A Universal Probability Distribution Function for Weak-lensing Amplification

Abstract

We present an approximate form for the weak lensing magnification distribution of standard candles, valid for all cosmological models, with arbitrary matter distributions, over all redshifts. Our results are based on a universal probability distribution function (UPDF), $P(\eta)$, for the reduced convergence, $\eta$. For a given cosmological model, the magnification probability distribution, $P(\mu)$, at redshift $z$ is related to the UPDF by $P(\mu)=P(\eta)/2|\kappa_{min}|$, where $\eta=1+(\mu-1)/(2|\kappa_{min}|)$, and $\kappa_{min}$ (the minimum convergence) can be directly computed from the cosmological parameters ($\Omega_m$ and $\Omega_\Lambda$). We show that the UPDF can be well approximated by a three-parameter stretched Gaussian distribution, where the values of the three parameters depend only on $\xi_\eta$, the variance of $\eta$. In short, all possible weak lensing probability distributions can be well approximated by a one-parameter family. We establish this family, normalizing to the numerical ray-shooting results for a ${\Lambda}$CDM model by Wambsganss et al. (1997).

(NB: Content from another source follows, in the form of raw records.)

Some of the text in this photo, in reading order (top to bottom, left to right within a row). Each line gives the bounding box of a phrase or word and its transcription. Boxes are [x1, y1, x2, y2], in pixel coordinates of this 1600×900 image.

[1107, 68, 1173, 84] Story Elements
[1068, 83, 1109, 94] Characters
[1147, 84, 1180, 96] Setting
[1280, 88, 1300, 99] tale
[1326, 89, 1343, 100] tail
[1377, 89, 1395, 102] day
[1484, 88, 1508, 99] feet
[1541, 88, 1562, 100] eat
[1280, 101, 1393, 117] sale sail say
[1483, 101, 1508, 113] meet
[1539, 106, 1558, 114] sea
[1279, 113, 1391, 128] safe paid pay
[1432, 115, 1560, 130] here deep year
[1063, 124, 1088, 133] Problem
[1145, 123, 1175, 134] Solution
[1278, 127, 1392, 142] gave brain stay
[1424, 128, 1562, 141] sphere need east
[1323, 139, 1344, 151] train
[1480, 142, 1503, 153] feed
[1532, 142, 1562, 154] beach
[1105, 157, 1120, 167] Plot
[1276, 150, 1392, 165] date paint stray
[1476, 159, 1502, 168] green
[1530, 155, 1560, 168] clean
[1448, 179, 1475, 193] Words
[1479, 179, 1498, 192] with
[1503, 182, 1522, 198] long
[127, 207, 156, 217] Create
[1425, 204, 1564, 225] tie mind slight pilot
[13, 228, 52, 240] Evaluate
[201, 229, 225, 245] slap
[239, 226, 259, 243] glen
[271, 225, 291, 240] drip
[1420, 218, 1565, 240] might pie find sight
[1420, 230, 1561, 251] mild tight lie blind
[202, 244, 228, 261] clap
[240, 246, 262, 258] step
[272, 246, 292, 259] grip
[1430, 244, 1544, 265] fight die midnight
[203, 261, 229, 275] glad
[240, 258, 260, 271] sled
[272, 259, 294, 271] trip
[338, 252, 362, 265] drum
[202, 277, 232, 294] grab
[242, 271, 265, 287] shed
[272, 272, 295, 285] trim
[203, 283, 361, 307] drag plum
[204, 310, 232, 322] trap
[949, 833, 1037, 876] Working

Each alternative cosmological model is then described by a single function $\xi_\eta(z)$. We find that this method gives $P(\mu)$ in excellent agreement with numerical ray-tracing and three-dimensional shear matrix calculations, and provide numerical fits for three representative models (SCDM, $\Lambda$CDM, and OCDM). Our results provide an easy, accurate, and efficient method to calculate the weak lensing magnification distribution of standard candles, and should be useful in the analysis of future high-redshift supernova data.